Two weeks in pubs: 25 April–8 May 2011

Pub visits this fortnight 9
Locations Sheffield, London

Gah, sorry! The days have been running away with me lately. Or I haven’t felt very inspired to write. Or I’ve had too much else to do. Or I’ve spent too much time down the pub. Whatever it is, this blog hasn’t been updated with its usual regularity this past week and a half. For that I apologise.

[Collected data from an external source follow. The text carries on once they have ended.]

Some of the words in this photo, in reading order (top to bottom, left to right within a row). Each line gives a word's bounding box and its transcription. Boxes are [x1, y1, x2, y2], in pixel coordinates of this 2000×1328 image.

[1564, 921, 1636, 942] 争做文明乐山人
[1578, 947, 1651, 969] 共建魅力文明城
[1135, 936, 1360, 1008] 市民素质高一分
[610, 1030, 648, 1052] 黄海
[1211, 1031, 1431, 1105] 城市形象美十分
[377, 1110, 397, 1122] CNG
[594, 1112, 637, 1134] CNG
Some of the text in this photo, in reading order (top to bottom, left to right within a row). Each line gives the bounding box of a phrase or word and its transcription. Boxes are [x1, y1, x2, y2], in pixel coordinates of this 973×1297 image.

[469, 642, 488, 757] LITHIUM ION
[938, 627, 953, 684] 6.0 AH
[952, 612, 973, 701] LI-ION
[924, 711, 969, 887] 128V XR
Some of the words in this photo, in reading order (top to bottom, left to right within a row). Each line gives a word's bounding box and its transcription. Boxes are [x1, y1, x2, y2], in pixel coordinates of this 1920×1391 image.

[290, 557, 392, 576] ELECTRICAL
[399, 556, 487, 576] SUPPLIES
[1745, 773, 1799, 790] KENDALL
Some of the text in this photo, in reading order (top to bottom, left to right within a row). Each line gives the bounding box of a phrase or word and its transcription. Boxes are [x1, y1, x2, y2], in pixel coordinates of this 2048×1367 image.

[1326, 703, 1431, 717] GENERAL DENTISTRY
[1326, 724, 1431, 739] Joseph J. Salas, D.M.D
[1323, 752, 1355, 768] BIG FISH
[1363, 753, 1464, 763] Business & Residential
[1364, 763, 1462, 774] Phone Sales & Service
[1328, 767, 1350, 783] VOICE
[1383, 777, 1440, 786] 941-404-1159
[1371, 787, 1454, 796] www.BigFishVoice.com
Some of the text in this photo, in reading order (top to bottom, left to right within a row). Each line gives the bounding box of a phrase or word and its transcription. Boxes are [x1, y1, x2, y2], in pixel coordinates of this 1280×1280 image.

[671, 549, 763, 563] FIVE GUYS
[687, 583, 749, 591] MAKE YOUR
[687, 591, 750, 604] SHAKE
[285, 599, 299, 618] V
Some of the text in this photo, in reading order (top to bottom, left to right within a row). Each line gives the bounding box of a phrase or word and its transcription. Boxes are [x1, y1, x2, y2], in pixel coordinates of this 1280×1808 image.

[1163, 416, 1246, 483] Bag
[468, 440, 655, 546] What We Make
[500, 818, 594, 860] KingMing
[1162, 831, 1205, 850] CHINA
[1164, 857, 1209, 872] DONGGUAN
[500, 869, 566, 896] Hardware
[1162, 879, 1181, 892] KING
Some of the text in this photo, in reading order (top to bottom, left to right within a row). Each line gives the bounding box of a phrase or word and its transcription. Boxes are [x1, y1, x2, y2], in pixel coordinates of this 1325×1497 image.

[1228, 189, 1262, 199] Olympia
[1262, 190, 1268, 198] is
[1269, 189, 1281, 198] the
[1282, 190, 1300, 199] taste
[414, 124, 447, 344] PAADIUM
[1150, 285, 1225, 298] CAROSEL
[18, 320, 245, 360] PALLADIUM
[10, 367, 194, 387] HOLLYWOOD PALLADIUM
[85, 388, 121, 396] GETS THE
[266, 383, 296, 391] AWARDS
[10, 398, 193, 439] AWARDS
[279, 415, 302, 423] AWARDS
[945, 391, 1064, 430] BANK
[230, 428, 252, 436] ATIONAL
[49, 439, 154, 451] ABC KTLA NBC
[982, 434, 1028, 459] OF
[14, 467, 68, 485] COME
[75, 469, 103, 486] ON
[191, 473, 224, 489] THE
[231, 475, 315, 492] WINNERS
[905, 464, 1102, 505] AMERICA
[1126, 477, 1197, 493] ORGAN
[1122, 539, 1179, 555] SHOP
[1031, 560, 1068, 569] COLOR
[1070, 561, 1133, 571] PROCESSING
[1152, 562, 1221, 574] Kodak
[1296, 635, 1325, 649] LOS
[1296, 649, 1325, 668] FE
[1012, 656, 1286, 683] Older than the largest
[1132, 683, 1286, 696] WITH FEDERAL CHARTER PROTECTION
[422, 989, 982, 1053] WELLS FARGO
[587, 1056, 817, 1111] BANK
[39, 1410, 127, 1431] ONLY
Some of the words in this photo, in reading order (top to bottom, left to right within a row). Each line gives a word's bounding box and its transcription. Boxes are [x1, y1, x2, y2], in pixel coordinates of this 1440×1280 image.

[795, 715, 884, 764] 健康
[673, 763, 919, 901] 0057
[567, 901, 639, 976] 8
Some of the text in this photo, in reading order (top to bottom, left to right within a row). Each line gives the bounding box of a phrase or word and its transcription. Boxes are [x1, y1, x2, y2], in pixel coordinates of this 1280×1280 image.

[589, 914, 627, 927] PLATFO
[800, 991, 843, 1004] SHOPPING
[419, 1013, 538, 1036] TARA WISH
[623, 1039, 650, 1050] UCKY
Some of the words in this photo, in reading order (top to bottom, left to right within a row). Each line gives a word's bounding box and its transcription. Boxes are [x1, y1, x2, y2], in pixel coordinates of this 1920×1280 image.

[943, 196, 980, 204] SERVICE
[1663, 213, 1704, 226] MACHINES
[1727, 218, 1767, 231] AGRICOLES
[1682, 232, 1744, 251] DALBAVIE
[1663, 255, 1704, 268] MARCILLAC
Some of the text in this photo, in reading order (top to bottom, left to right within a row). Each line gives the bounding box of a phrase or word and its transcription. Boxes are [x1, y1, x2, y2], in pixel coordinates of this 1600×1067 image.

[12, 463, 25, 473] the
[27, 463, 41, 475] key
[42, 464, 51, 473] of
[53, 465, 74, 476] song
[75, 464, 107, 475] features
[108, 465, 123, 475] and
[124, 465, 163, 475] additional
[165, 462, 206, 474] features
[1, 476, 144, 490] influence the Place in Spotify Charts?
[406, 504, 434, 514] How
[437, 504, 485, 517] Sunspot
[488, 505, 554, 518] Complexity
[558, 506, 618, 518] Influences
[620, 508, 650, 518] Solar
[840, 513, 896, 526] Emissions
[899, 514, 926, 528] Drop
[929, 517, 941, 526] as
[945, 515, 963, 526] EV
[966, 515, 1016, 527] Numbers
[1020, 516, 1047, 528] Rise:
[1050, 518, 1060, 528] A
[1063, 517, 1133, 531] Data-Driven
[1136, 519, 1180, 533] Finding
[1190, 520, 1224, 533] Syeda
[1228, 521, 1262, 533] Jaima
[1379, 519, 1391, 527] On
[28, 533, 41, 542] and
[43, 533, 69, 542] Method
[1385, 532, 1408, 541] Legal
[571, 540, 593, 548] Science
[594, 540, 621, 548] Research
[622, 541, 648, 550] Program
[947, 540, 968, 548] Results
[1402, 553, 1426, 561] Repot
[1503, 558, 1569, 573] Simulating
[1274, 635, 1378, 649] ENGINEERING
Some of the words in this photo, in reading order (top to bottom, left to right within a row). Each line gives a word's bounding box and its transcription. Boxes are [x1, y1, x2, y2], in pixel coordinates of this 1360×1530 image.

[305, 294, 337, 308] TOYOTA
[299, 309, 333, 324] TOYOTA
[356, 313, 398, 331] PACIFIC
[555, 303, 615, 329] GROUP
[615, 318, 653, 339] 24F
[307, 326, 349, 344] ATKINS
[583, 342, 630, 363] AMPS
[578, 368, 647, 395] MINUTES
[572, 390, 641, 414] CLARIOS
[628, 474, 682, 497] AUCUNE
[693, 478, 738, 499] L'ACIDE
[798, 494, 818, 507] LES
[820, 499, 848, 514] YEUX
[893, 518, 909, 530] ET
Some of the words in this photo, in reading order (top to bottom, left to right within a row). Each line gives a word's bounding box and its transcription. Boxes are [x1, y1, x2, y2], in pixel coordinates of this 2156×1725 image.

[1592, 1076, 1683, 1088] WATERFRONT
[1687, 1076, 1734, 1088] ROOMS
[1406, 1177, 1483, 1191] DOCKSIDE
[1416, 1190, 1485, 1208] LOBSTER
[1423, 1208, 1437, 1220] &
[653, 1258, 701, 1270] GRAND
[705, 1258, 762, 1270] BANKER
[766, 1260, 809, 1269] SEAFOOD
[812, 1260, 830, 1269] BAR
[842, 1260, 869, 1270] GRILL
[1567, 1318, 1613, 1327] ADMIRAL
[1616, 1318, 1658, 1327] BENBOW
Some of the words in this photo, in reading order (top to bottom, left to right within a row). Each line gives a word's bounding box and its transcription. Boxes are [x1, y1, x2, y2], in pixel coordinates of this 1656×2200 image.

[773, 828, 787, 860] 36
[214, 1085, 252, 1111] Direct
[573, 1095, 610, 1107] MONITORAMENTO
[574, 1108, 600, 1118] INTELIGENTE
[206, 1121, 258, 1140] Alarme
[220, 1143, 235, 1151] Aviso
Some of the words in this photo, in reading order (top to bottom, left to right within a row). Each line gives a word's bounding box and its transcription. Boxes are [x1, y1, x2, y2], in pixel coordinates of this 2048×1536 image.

The Greystones here in Sheffield (pictured below) is being held up nationally as embodying a new model by which Britain’s pubs can be saved. The pubcos’ vast estates and economies of scale are allied with the small independent breweries’ excellent cask beer and closeness to local communities. The Greystones is also an immense pain in the arse to get to from the bit of Sheffield I live in. So when I roll in on Monday 25 April, several month after the pub reopened, I’m a little ashamed to admit it’s the first time I’ve been in.

The pub slowly fills up, on this hot bank holiday afternoon, and I neck a couple of pints and a sandwich while I natter to the woman working the bar and wait for my girlfriend and son to come in. It’s a good place to be, an easy place to just be. I’ll write it up as a featured pub if I ever get the time.

On Friday it’s another bank holiday, to make us grateful that we’re all paying for the wedding of a couple more idle rich parasites who’d gladly have our hides for doormats. Sheffield’s Rutland Arms (featured here) has promised specifically to be a bunting-free zone, and that’s good enough for me. And Dan and Cara. Eventually it’s over to the Harley for some bands. I’m not sure how much longer I can keep going to the Harley to see bands, because every time I do, the bands look another year younger and I feel another five years older.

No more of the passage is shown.